Academicamente é graduado em Fisioterapia, profissão que nunca exerceu mas que concentra os seus estudos em Ciências da Saúde. A prática do corpo iniciou-se em 1996 através do desporto, especificamente natação de alto rendimento. Em 2002 abandonou para dar lugar às práticas do corpo em artes performativas. O seu percurso foi feito de forma auto-didacta por estilos de danças que fluiam em contexto urbano com influências afro-americanas. Entre 2002 e 2010 o foco e léxicos de dança forma sendo cada vez mais diversos e Em 2010 venceu o concurso televisivo So You Think You Can Dance.


Após um período de transição para a arte contemporânea, tendo trabalhado com André Mesquita, Hofesh Shechter, Sylvia Rijmer, Tiago Guedes, Victor Hugo Pontes, Paulo Ribeiro, David Marques, entre outros.

HU(R)MANO (2013) é a sua primeira criação financiada pela Direcção Geral das Artes e que integrou a plataforma Aerowaves Priority Companies 2015 e (re)connaissance.

BROTHER (2016) consolidou um discurso autoral numa linha de reflexão sobre a dança e o seu sentido nos dias de hoje, criando ligações com as suas origens e traçando uma linha feita a partir do corpo contemporâneo. Estreou-se no Teatro Municipal do Porto-Rivoli e tem tido uma vasta digressão internacional e nacional, tendo integrado também Aerowaves Priority Companies 2018.

BISONTE (2019) é uma identidade performática que flutuam numa artificialidade entre o histerismo e a melancolia.


Entre 2018/2019 foi artista associado do Teatro Municipal do Porto, e em entre 2019 e 2021 é artista associado de Centre chorégraphique national de Caen na Normandie.

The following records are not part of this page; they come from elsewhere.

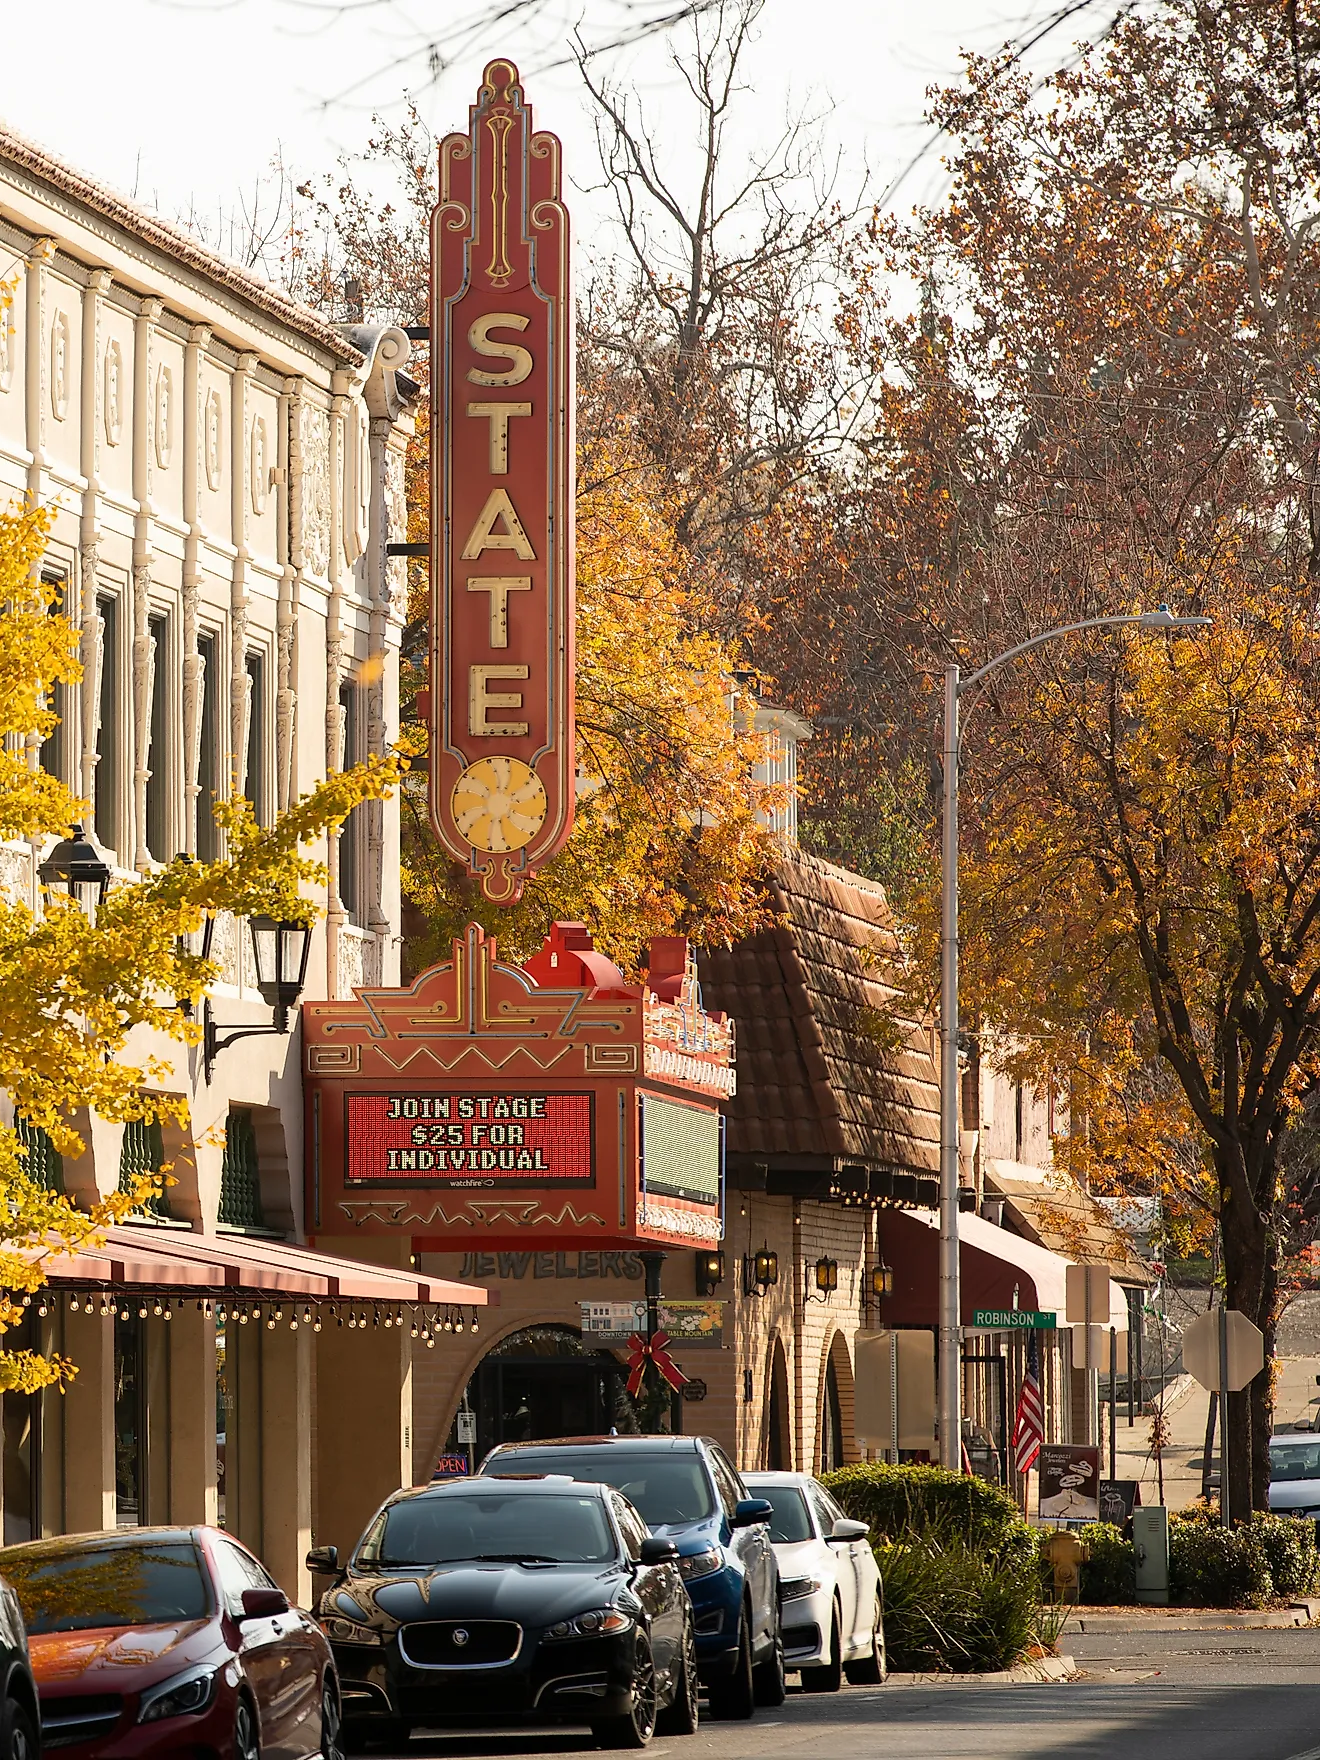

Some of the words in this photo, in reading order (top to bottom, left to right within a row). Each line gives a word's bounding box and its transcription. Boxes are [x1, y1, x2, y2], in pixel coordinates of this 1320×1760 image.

[460, 312, 538, 737] STATE
[388, 1098, 450, 1118] JOIN
[459, 1098, 545, 1118] STAGE
[412, 1125, 463, 1145] $25
[472, 1125, 524, 1145] FOR
[388, 1150, 548, 1170] INDIVIDUAL
[449, 1179, 483, 1187] watchfire
[459, 1251, 644, 1280] JEWELERS
[976, 1312, 1035, 1326] ROBINSON

Em 2020 tem um convite para construi uma peça curta para a Companhia Nacional de bailado que intitula CORPOS DE BAILE. Através de um prática uma prática de aquecimento assente no footwork (trabalho de pés) faz-se uma tríade entre

a prática vertical e academizada do bailarino clássico, - o sujeito contemporâneo e citadino que são, - um passado sócio-político que herdamos como colectivo.

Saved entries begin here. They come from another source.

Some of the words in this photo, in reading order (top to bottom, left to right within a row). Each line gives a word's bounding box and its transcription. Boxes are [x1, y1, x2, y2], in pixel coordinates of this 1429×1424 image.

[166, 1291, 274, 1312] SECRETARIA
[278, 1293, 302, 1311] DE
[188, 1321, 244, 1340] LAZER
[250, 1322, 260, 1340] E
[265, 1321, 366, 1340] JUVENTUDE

é um objecto coreográfico que junta tempos, pessoas e geografias numa visão caleidoscópica da dança.

 

SIRI (2021) prolonga a colaboração entre o coreógrafo Marco da Silva Ferreira e o realizador Jorge Jácome, depois da coassinatura do espetáculo ÍRIS (2015), defendida como um olhar sobre a temporalidade, a partir da imagem, da construção visual e do discurso sobre a memória. Tem estreia prevista no festival DDD, Porto.